Äquatoria (arabisch ‏الاستوائيةal-Istiwa'iyya, englisch Equatoria) war bis 1956 eine Provinz des Anglo-Ägyptischen Sudan, dann bis 1976 eine Provinz und von 1991 bis 1994 ein Bundesstaat der Republik Sudan. Heute bildet das Gebiet einen Teil des 2011 entstandenen Staates Südsudan.

Geschichte[Bearbeiten]

19. Jahrhundert[Bearbeiten]

Sie entstand in dem Versuch des britisch dominierten Ägypten, einen Modellstaat im Zentrum Afrikas zu errichten. Äquatoria bestand im Wesentlichen aus wenig mehr als einer Handvoll Abenteurer in einigen isolierten Außenposten. Es waren zu keiner Zeit mehr als 600 Soldaten in der Provinz stationiert. Neben den heute südsudanesischen Gebieten umfasste sie zu dieser Zeit auch Teile des heutigen Uganda.

Äquatoria wurde 1870 von Samuel White Baker geschaffen, der von der ägyptischen Regierung mit der Errichtung von Handelsposten am oberen Weißen Nil beauftragt worden war. Er ließ den Posten Gondokoro befestigen und benannte ihn zu Ehren des regierenden Khediven Ismail Pascha in Ismailia um. In diesem Gebiet lebten zahlreiche teils verwandte ethnische Gruppen mit eigenen Häuptlingen, darunter die Acholi, Azande, Bari, Lotuko, Madi, Moru, Mundari, Pojulu und Toposa. Weiterhin wurde das Gebiet von arabischen Sklavenhändlern durchquert.

1874 wurde Charles George Gordon Gouverneur, der anschließend Generalgouverneur des gesamten Türkisch-Ägyptischen Sudan wurde. 1878 folgte ihm Eduard Schnitzer, genannt Emin Pascha. Der Mahdi-Aufstand des Muhammad Ahmad in den 1880ern trennte Äquatoria von Ägypten und mehrere europäische Expeditionen wurden organisiert, um Emin Pascha zu retten. Anschließend erlangten bis 1898 die Mahdisten die Kontrolle über das Gebiet. Wichtige Siedlungen in Äquatoria waren Lado in der Ladoenklave, Gondokoro und Wadelai.

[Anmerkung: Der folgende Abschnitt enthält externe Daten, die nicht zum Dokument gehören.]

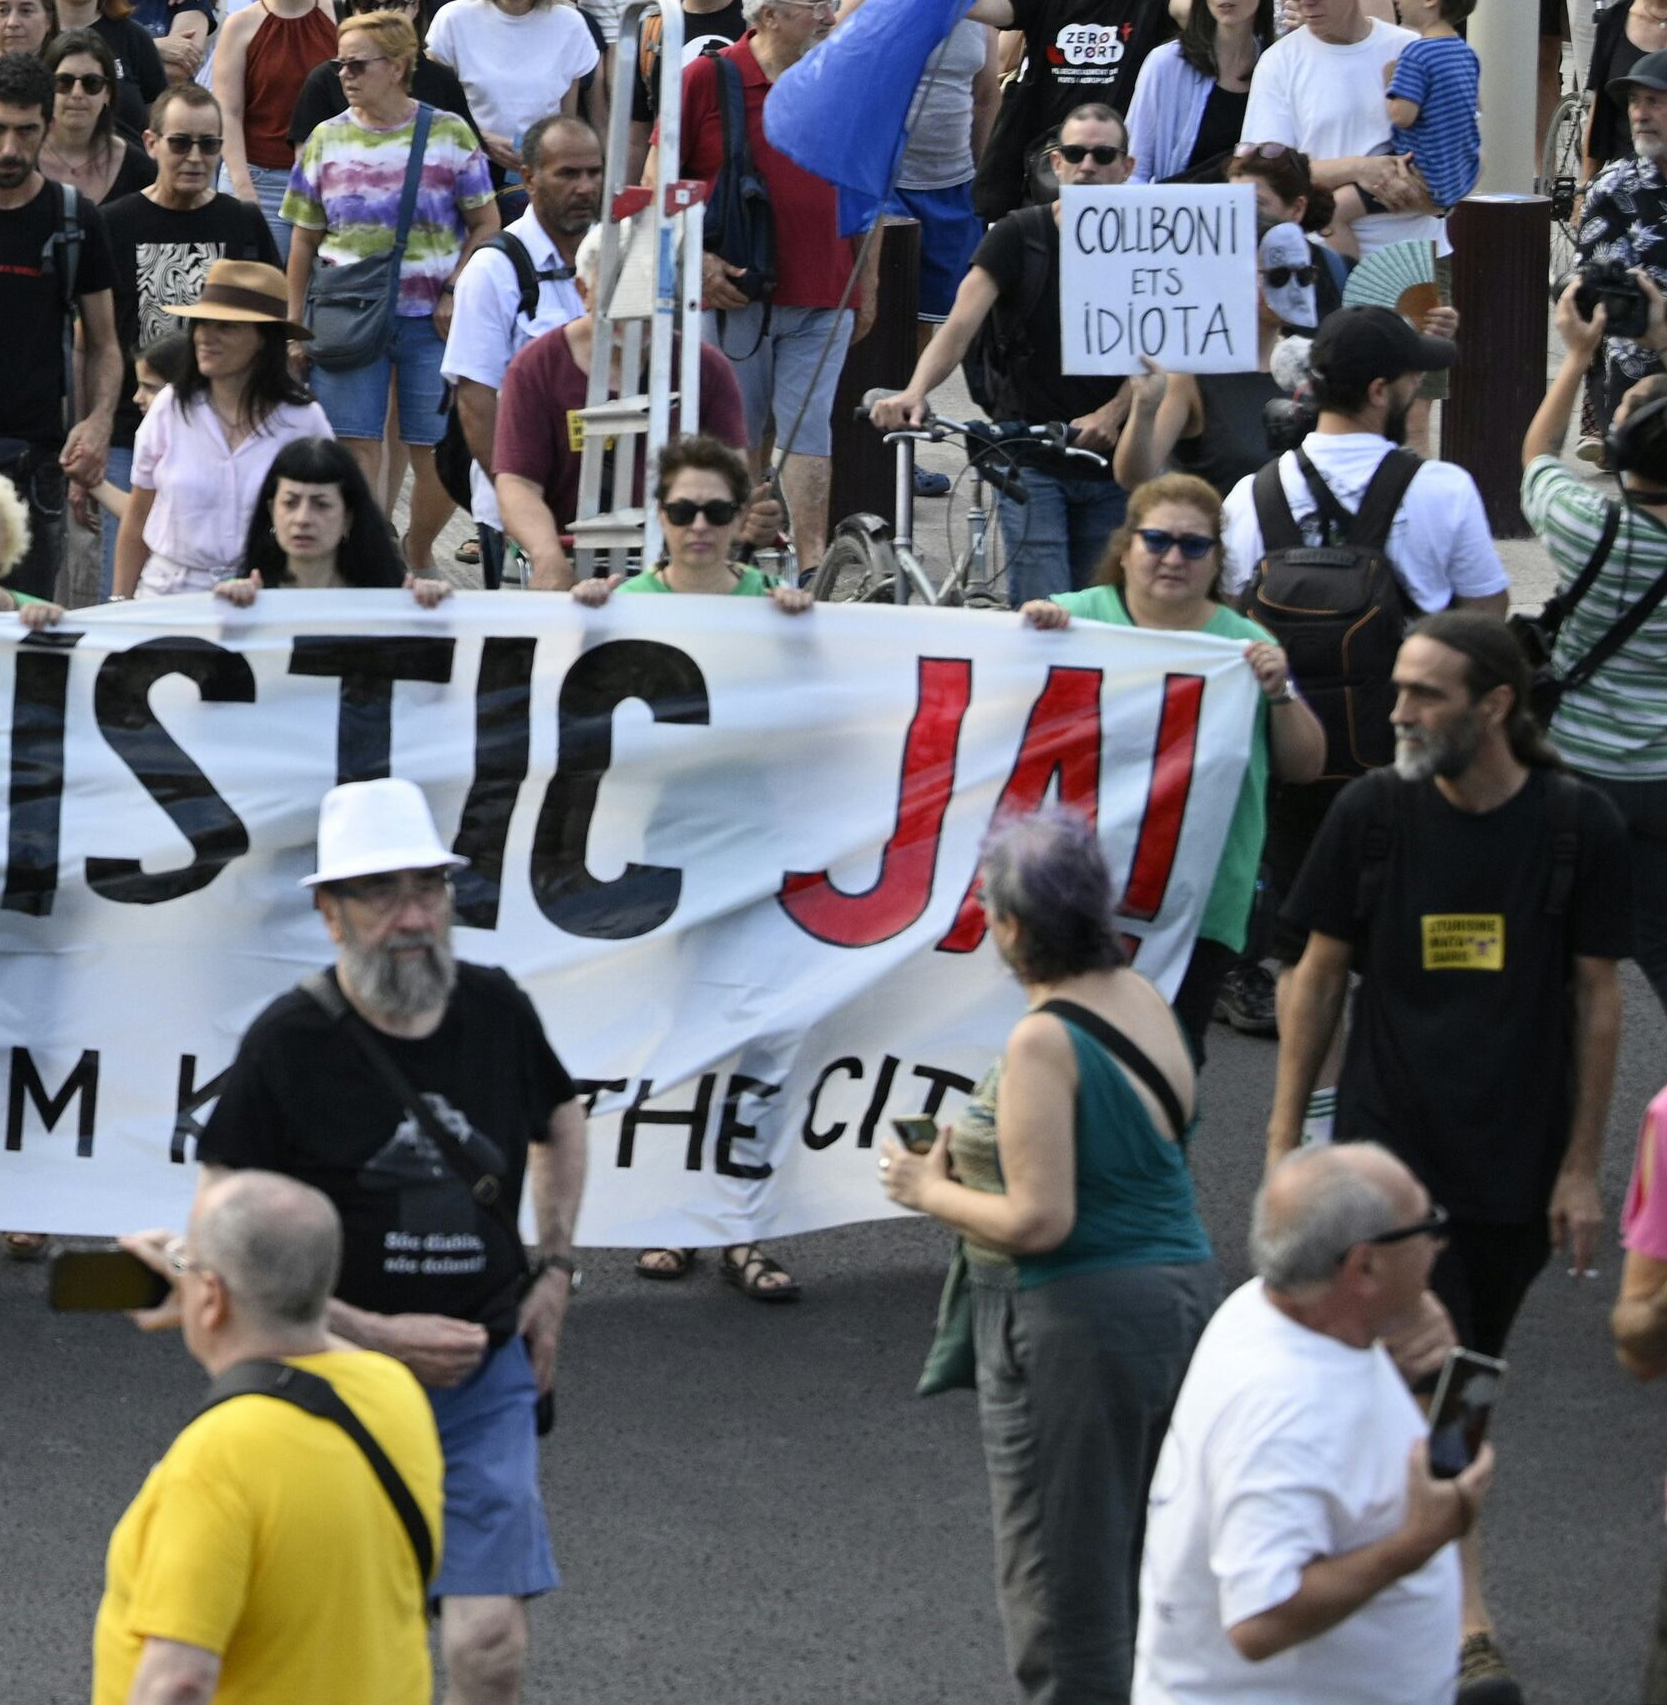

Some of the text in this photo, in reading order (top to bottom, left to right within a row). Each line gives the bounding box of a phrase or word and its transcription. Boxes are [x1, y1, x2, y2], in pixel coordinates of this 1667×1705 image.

[1066, 31, 1111, 45] ZERO
[1072, 44, 1118, 60] PORT
[1074, 200, 1238, 257] COLLBONI
[1131, 267, 1184, 297] ETS
[1083, 301, 1235, 357] IDIOTA
[776, 653, 1208, 958] JA!
[801, 1054, 980, 1150] CIT

Zur Namensgebung im 19. Jahrhundert[Bearbeiten]

Die Namensgebung sollte den anglo-ägyptischen Anspruch auf erheblich größere Gebiete untermauern, Charles Gordon und Emin Pascha bereisten auch angrenzende Gebiete und prüften die Möglichkeit der Gebietserweiterung nach Süden. Aufgrund des Mahdi-Aufstandes konnten diese Pläne jedoch nicht weiter verfolgt werden und Wadelai (heute im Norden Ugandas) blieb mit 2° 50' N der südlichste Punkt der Provinz, die den Äquator nirgends berührte.

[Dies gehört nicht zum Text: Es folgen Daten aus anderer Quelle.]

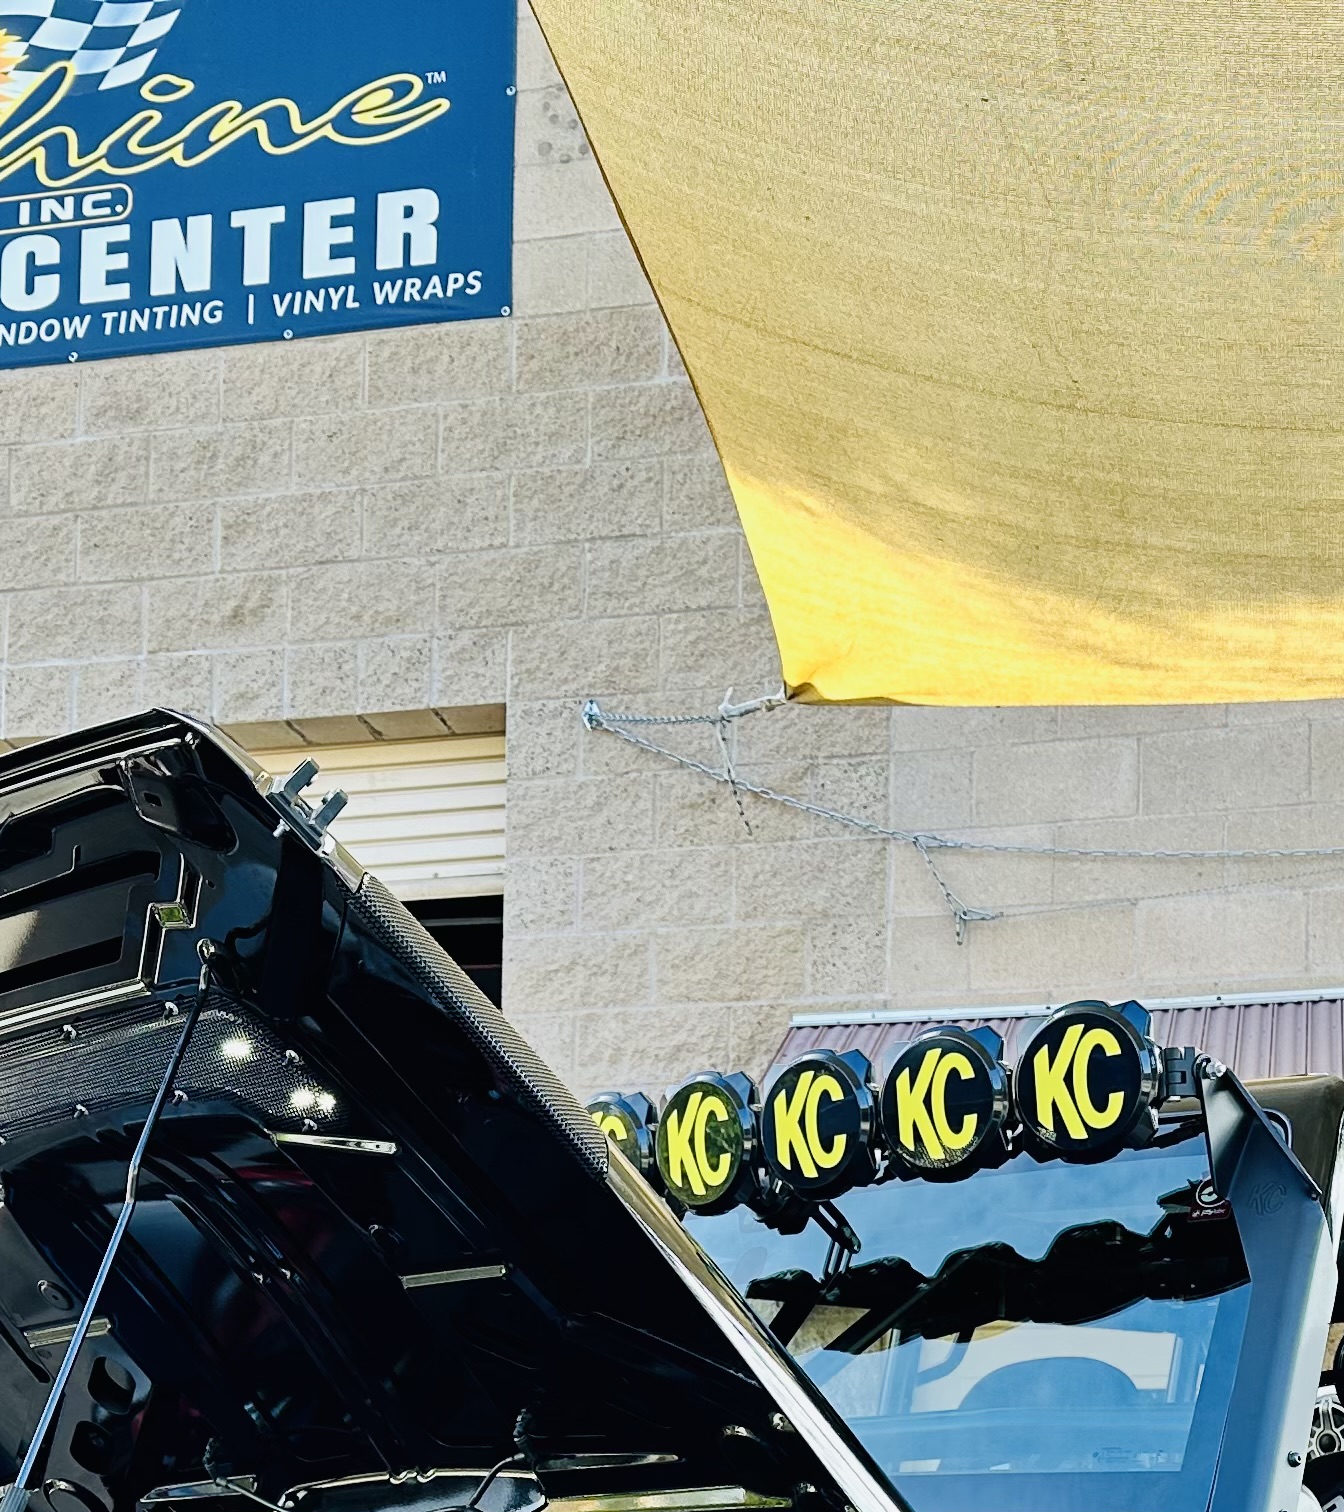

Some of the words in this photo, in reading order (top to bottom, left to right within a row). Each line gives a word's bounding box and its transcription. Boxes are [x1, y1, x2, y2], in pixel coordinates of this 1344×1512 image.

[18, 190, 125, 226] INC.
[102, 300, 225, 336] TINTING
[272, 285, 361, 318] VINYL
[372, 270, 484, 305] WRAPS
[773, 1069, 848, 1179] KC
[895, 1048, 979, 1160] KC
[1032, 1023, 1126, 1140] KC
[666, 1092, 732, 1196] KC

Verwaltungseinheit im 20. Jahrhundert[Bearbeiten]

Im Anglo-Ägyptischen Sudan wurde Äquatoria eine der acht ursprünglichen Provinzen. 1948 wurde die Region Bahr al-Ghazal im Nordwesten als eigenständige Provinz von Äquatoria abgetrennt. 1976 wurde die Provinz erneut in Ost- und Westäquatoria geteilt. Von 1991 bis 1994 wurde ein Bundesstaat Äquatoria geschaffen, der in den Grenzen der Provinz Äquatoria von 1948 bis 1976 glich. Am 14. Februar 1994 wurde erneut Äquatoria aufgespalten, diesmal in die Bundesstaaten al-Istiwa'iyya al-wusta (Zentral-Äquatoria), Gharb al-Istiwa'iyya (West-Äquatoria) und Scharq al-Istiwa'iyya (Ost-Äquatoria).[1]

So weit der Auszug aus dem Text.